De plus, ce projet crée un comité dénommé « Animal Sentience Committee ». Celui-ci peut produire un rapport contenant ses avis et/ou recommandations sur la manière et jusqu’à quel point les décisions gouvernementales en projet ou mises en œuvre prennent en compte le bien-être des animaux sensibles (« sentient beings »). Le but est de s’assurer que le gouvernement tient dûment compte de la façon dont la politique pourrait avoir un effet négatif sur le bien-être des animaux en tant qu’êtres « sentients » . Le Secrétaire d’État a 3 mois pour répondre au rapport.
L’amendement
Au cours des discussions parlementaires, un vif débat a porté sur la question de savoir si le champ d’application matériel du projet de loi devait s’étendre aux animaux invertébrés en révisant la définition de l’animal au sein du texte. Lord Zac Goldsmith, Ministre porteur du projet, a affirmé que « la science est maintenant claire (…) les décapodes et céphalopodes peuvent ressentir la douleur et qu’il est donc juste qu’ils soient couverts par cet acte législatif essentiel »[7].
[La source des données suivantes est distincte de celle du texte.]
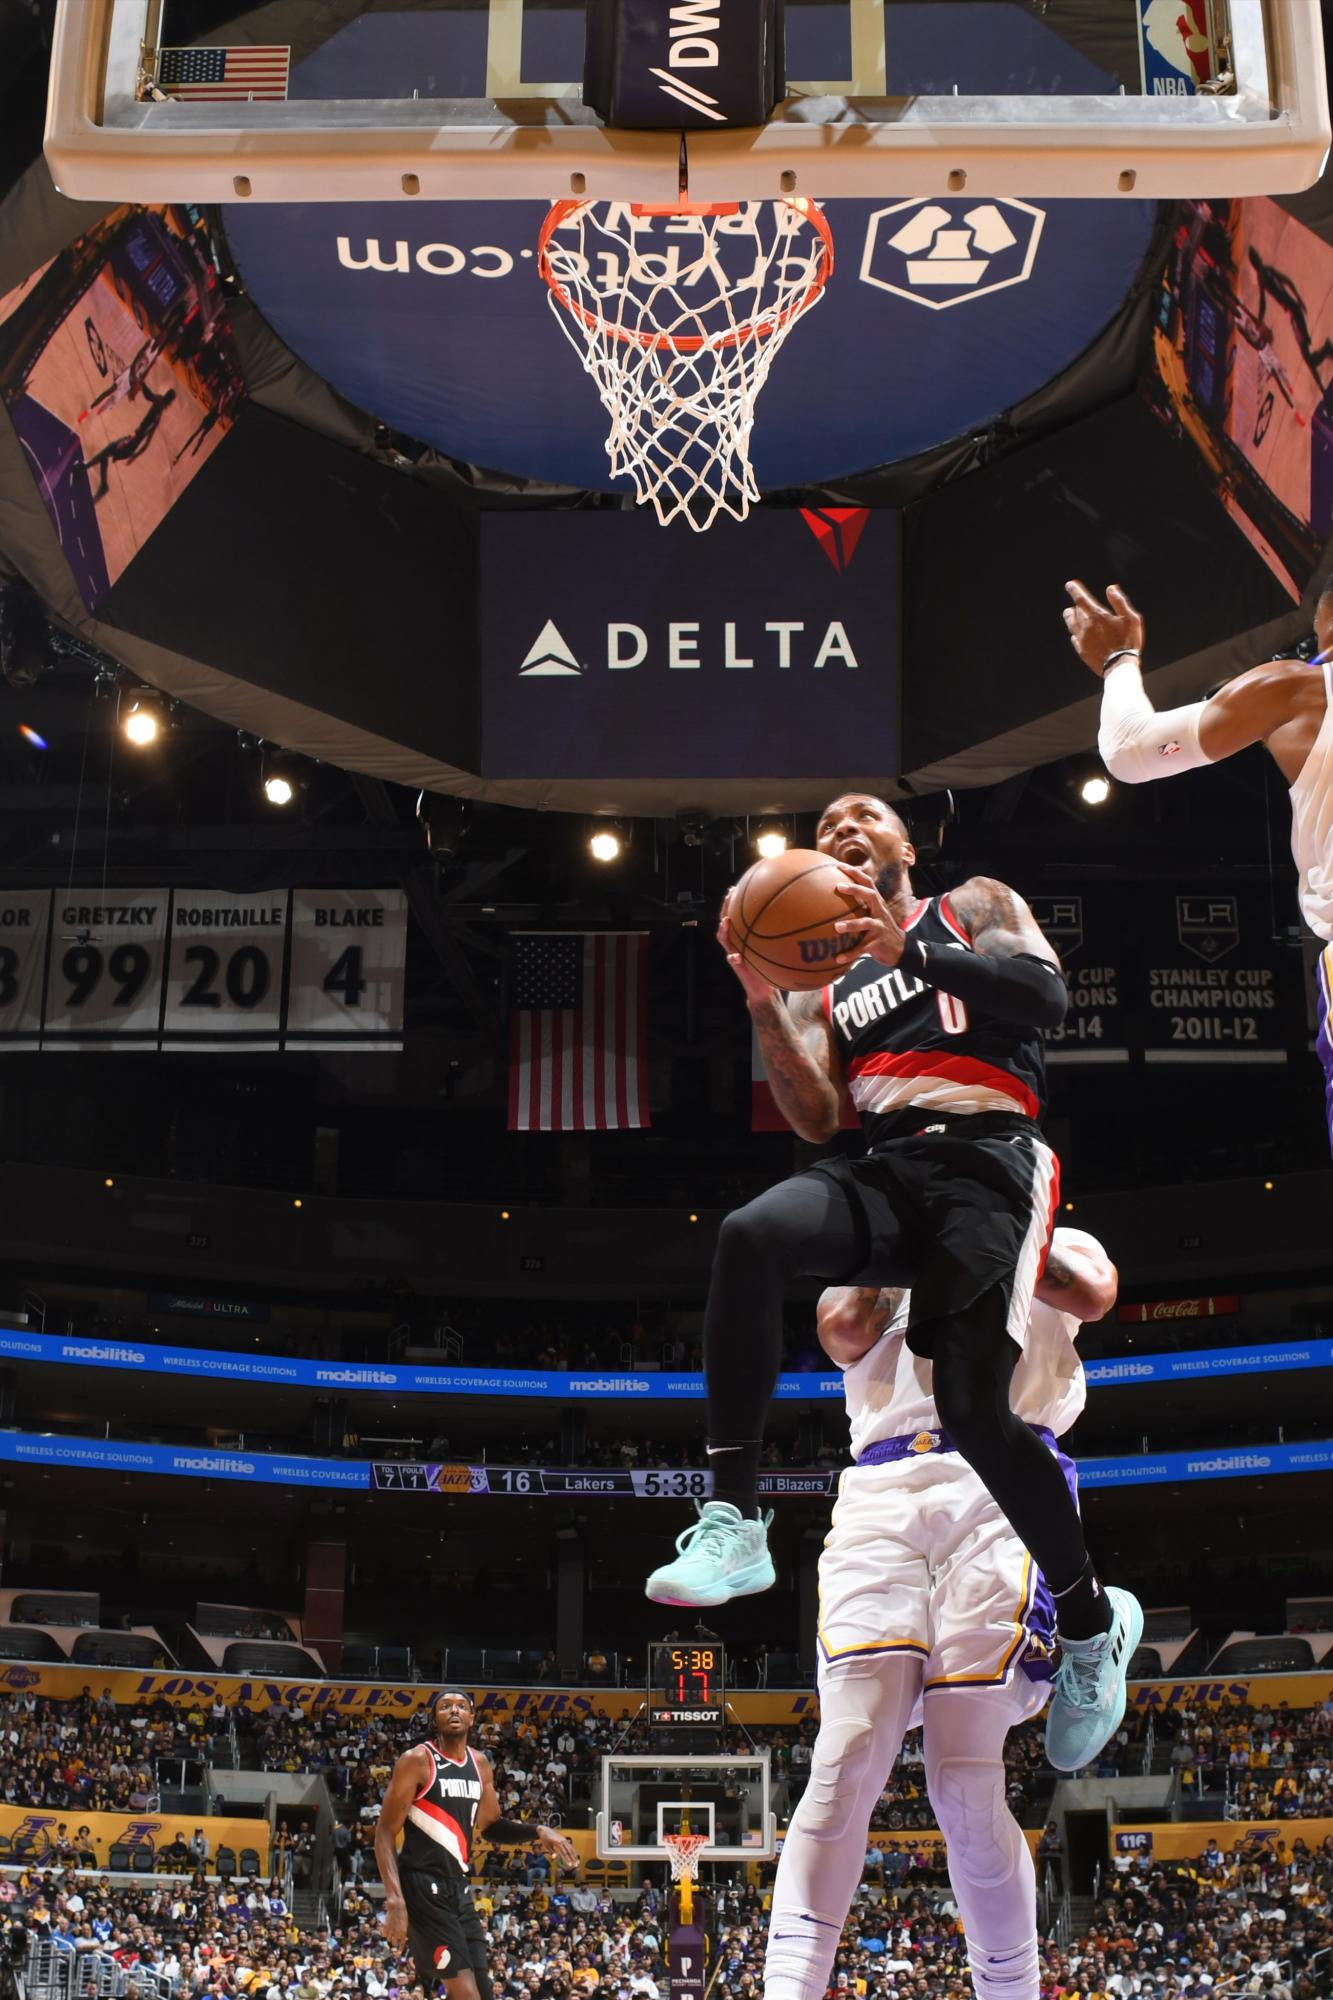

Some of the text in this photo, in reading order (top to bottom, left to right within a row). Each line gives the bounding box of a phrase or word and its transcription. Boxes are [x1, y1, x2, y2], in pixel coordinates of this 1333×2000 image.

Initialement rejetée le 19 novembre 2021, la Chambre des Lords (House of Lords) a finalement décidé d’étendre la définition de l’animal et d’y inclure les « homards, poulpes et crabes et tous les autres crustacés décapodes et mollusques céphalopodes »[8]. Ces animaux invertébrés sont reconnus comme « sentients ». Cette décision a été prise suite à l’analyse, par la commission gouvernementale indépendante, de nombreuses études scientifiques relatives à la sensibilité de ces animaux et en a conclu qu’il y a « une forte preuve scientifique que les décapodes crustacés et les mollusques céphalopodes sont sensibles »[9].
Les critiques
Lorsque ce projet deviendra une loi, il « fournira une assurance cruciale que le bien-être animal est correctement pris en compte lors de l’élaboration de nouvelles lois » (citation du Ministre Lord Zac Goldsmith[10]) grâce à la création du comité. Néanmoins, il a été précisé que l’amendement n’affectera « aucune législation existante ou des pratiques industrielles comme la pêche. Il n’y aura pas d’impact direct sur la pêche au coquillage ou sur l’industrie de la restauration. A la place, il est conçu pour s’assurer que le bien-être animal est bien pris en considération dans les futures décisions prises »[11].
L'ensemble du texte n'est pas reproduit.